How could "All lives matter" possibly be "deeply offensive and problematic" to anyone except those who hold and cherish the belief that some lives don't matter?

The rational answer is that it cannot. The late Sir Roger Scruton frequently talked about the distinction between "giving offence" and "taking offence" and here we have a textbook example. The phrase "All lives matter" does not give offence in what it affirms, those who object to it are taking offence.

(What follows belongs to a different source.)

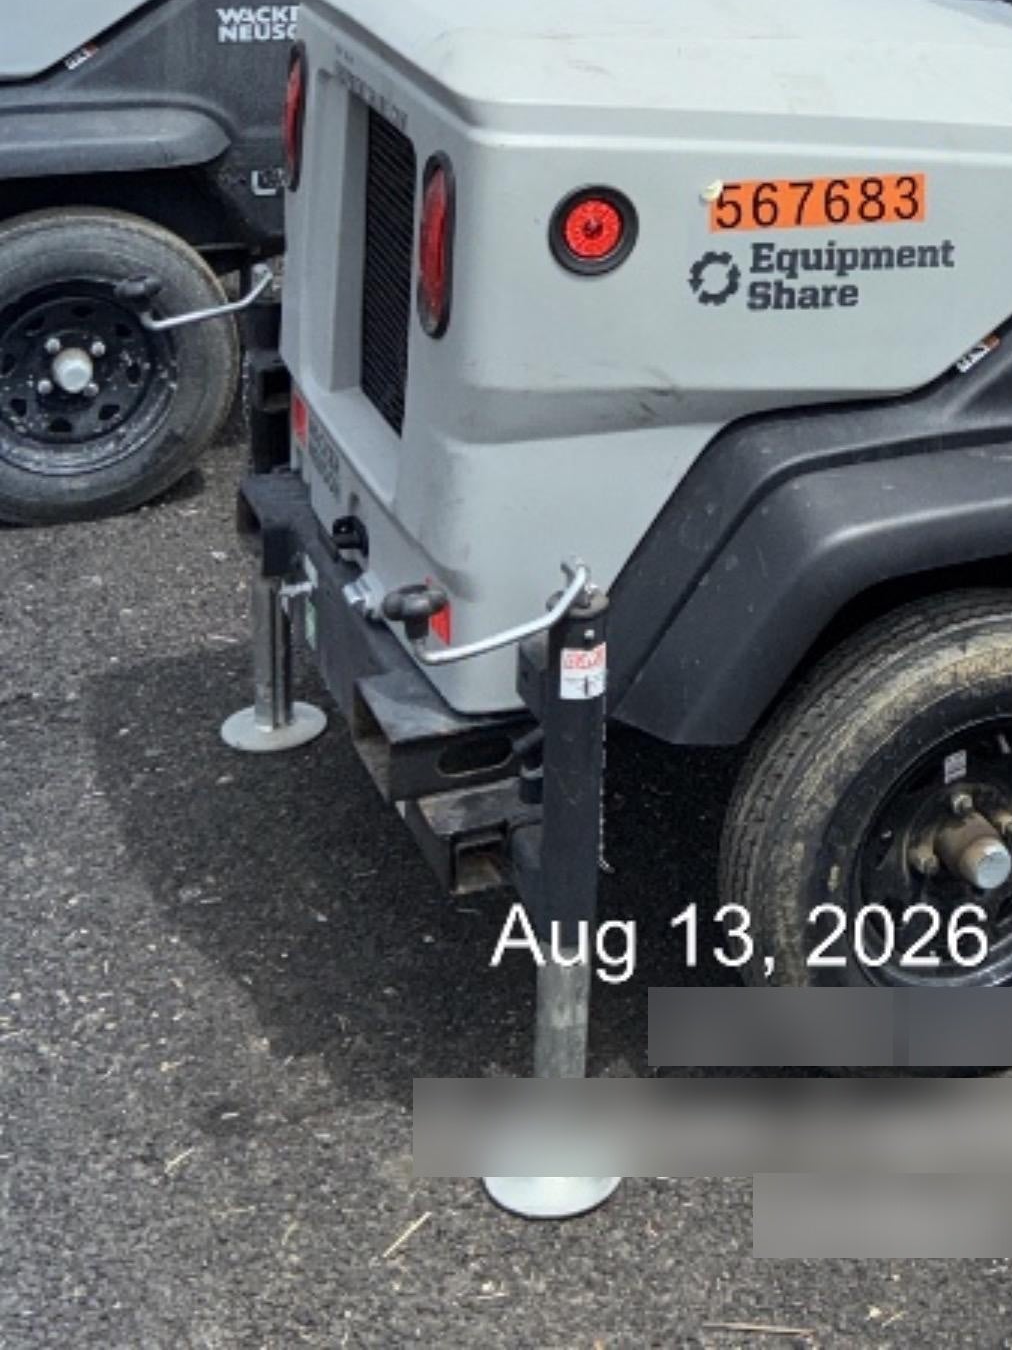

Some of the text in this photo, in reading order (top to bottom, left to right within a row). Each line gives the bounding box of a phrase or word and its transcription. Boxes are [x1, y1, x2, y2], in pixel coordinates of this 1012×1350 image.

[716, 176, 919, 229] 567683
[750, 240, 955, 280] Equipment
[747, 279, 859, 311] Share

The offence they take from the slogan has nothing to do with the meaning of the words themselves. Indeed, any attempt to find fault with the assertion made by those words would immediately render them susceptible to the charge that they think some lives don't matter. Their justification for taking offence, when they deign to give such a justification rather than simply assuming that their taking offence is itself its own sufficient justification, is to either rely upon the ad hominem argument that the slogan is racist because those who say it are racist, object to the intention of the words, i.e., to counter the "Black lives matter" slogan and criticize the Black Lives Matter movement, or argue that "All lives matter" detracts from their own message which is that the institutions and structure of American, and by extension all Western, societies are embedded with a racism that treats black lives as if they don't matter.

The first of these arguments merits no response.

The problem with the objection to the intent of the words is that it requires the assumption that the Black Lives Matter movement is or ought to be beyond criticism. This assumption is both false and dangerous. No movement, let alone one the "peaceful demonstrations" of which have a tendency to become violent or degenerate into riots, ought to be beyond criticism.

The final argument rests upon a belief that is widely held even though it is demonstrably wrong.

Let us consider the specific type of alleged institutional racism which has been the primary focus of the Black Lives Matter movement. Police in the United States, especially white police, are accused of being racist towards blacks and expressing that racism by making blacks more than anyone else the objects of the violent abuse of their authority.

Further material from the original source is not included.